Investment Strategy Group
the recent swoon of emerging market assets
has led many investors to question whether this period of underperformance reﬂects a temporary cyclical downturn or the beginning of a long-lasting trend based on the signiﬁcant structural issues facing emerging market countries. We have called attention to the shared and speciﬁc fault lines of emerging markets for the last four years when making the case that US preeminence is intact and sustainable. We have repeated our belief that these
well-entrenched issues—covering the gamut from poverty and pollution to government interference and woefully inadequate infrastructure—were largely being dismissed in the rush to proclaim the rising power and inﬂuence of emerging market economies.So it should come as no surprise that we believe this recent bout of volatility and underperformance reﬂects a signiﬁcant reassessment of emerging market countries and the lack of progress they have made in addressing their fault lines.
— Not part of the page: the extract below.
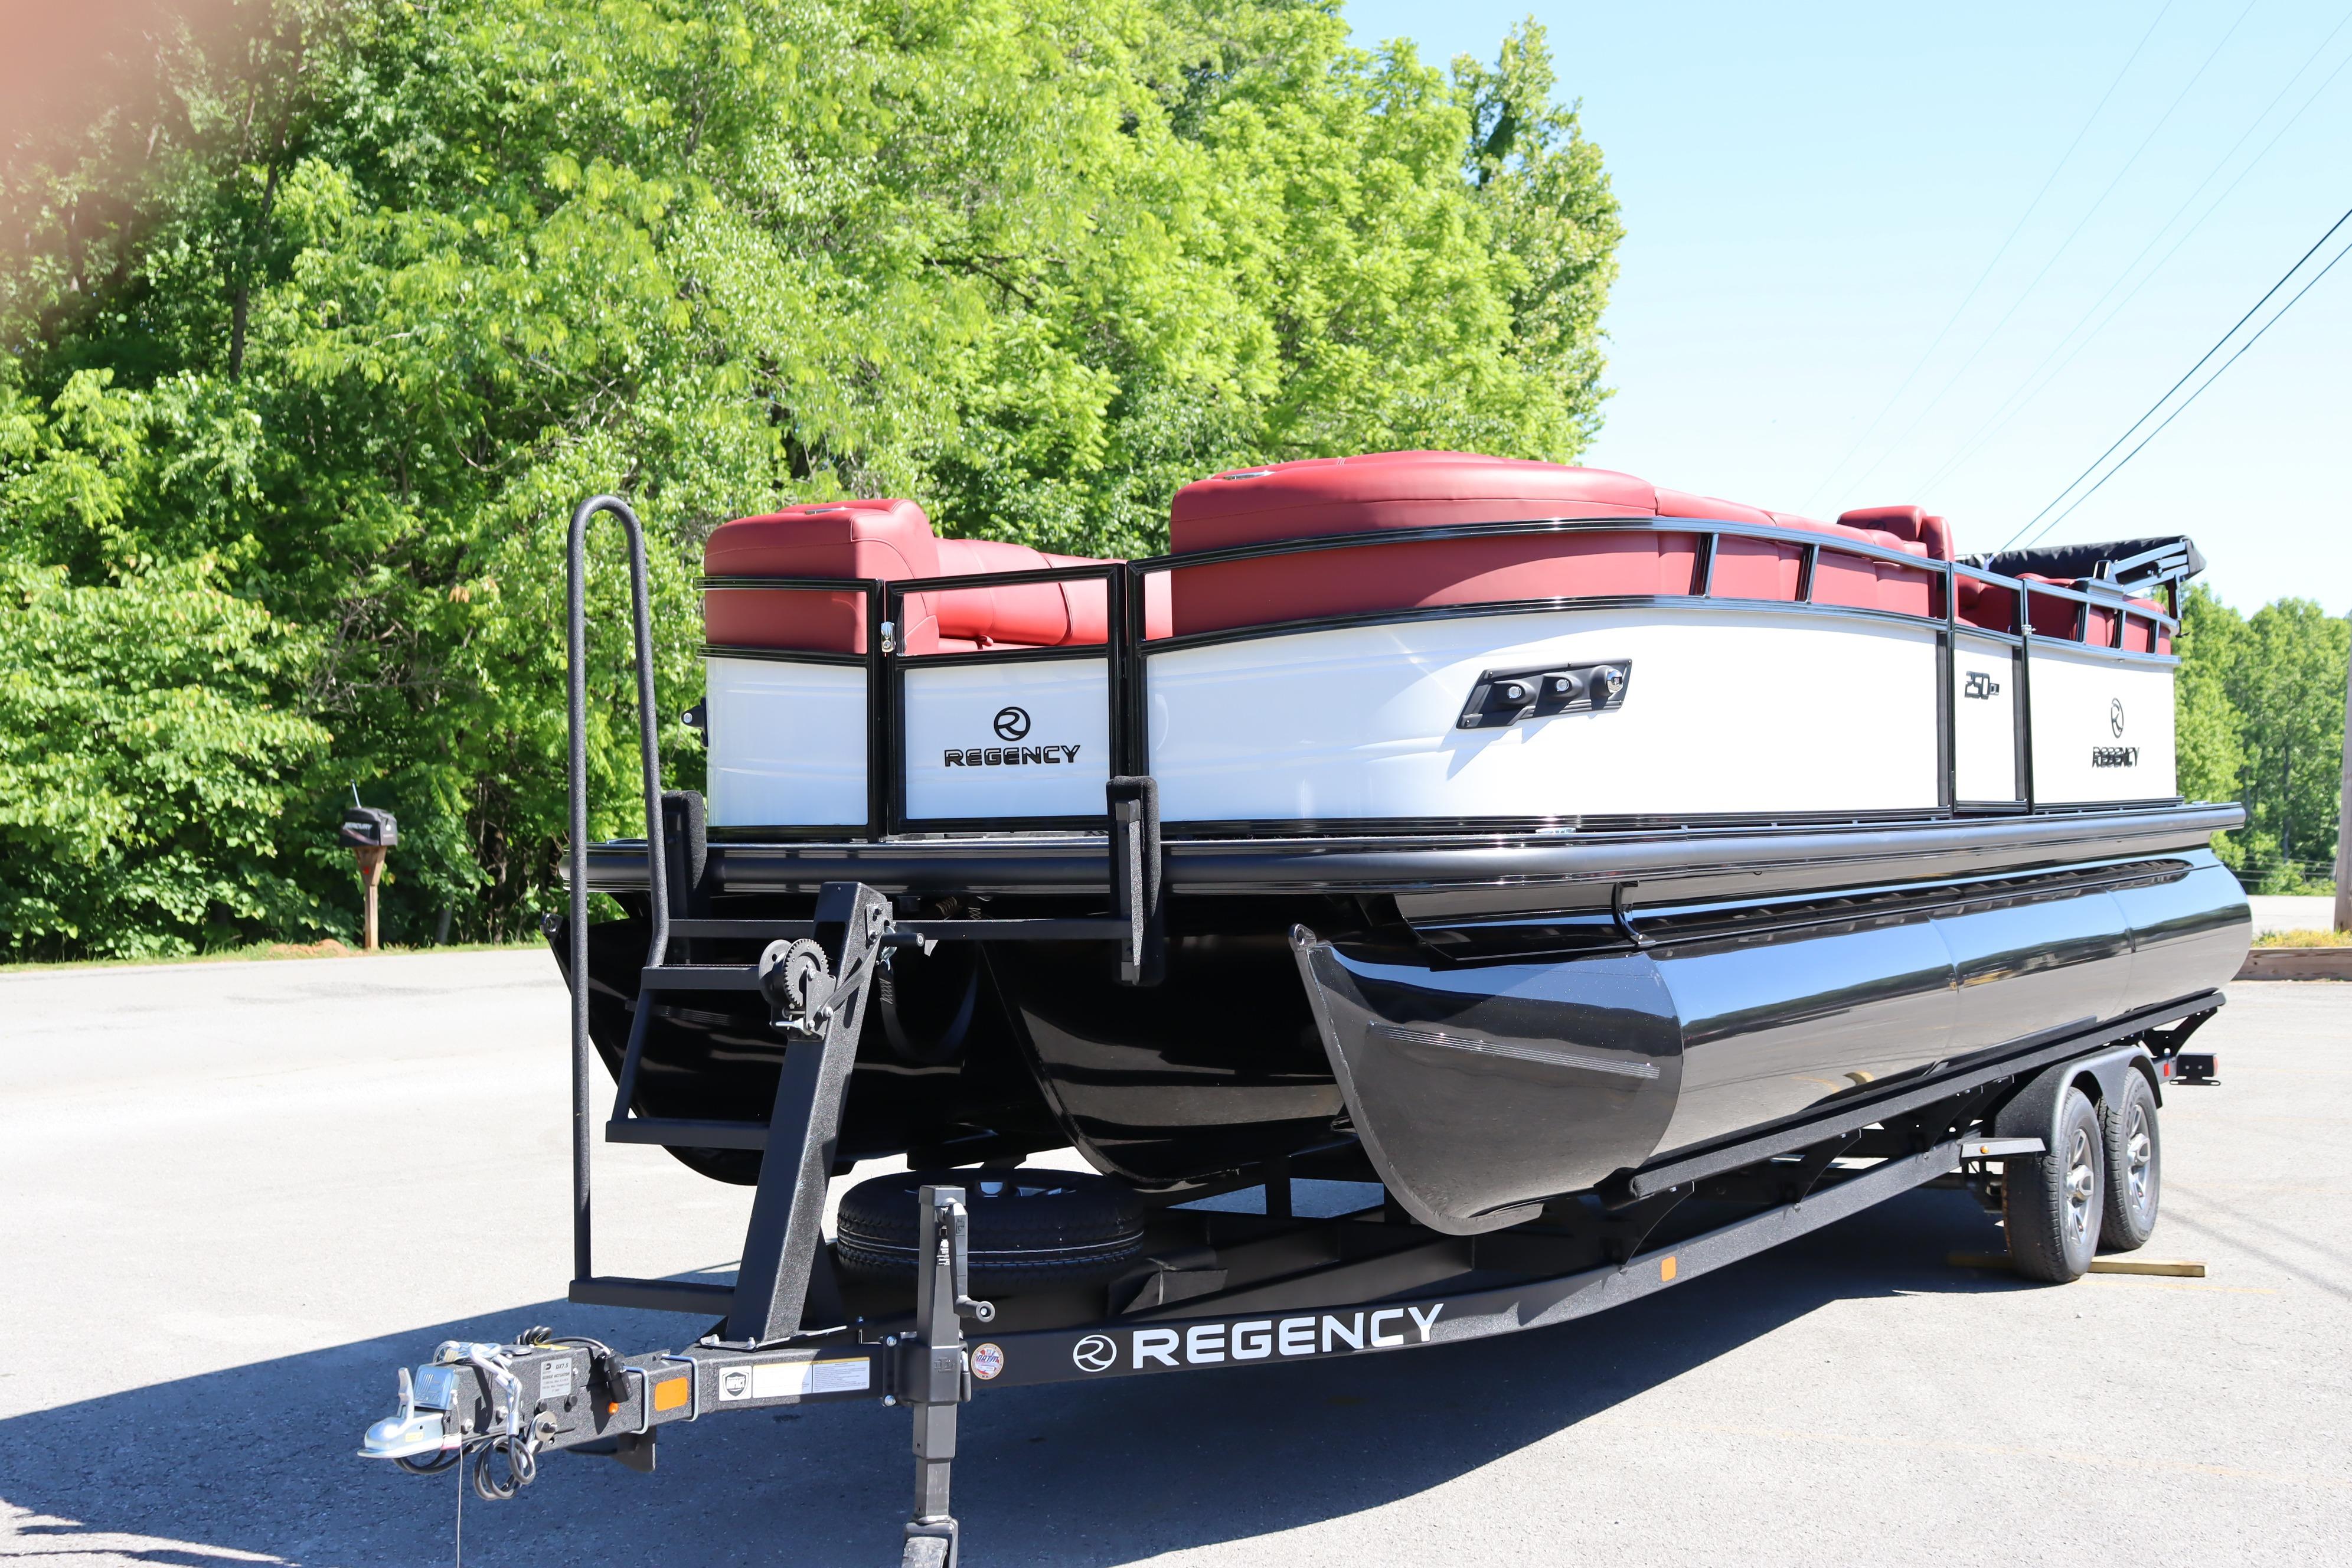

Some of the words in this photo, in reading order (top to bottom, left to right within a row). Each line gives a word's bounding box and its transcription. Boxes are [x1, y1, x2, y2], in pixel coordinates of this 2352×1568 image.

[944, 744, 1081, 767] REGENCY
[2092, 746, 2139, 768] REGENCY
[1132, 1303, 1444, 1369] REGENCY
If anything, the task before emerging market leaders is even more arduous than before the ﬁnancial and economic crisis given that the macroeconomic tailwinds that boosted growth in the 2003–07 period have come to an end. Today, leaders in China cannot undertake needed reforms without running the risk of signiﬁcant economic and social disruptions. Combined with the prospect of increased capital outﬂows brought on by a reversal of monetary policy in the United States, this catch-22 situation will increase uncertainty around all other emerging market assets.We therefore encourage investors across the globe to revisit their strategic asset allocation to emerging market assets and brace for the strong possibility of signiﬁcant underperformance and heightened volatility over the next 5 to 10 years. While recognizing that some allocation to emerging market assets is warranted, we are lowering our allocation to emerging markets from a total of 9% to 6% for a moderate-risk client with a well-diversiﬁed portfolio. We also conclude that it is too early to overweight emerging market assets on a tactical basis, as they are not yet attractive enough from a valuation perspective.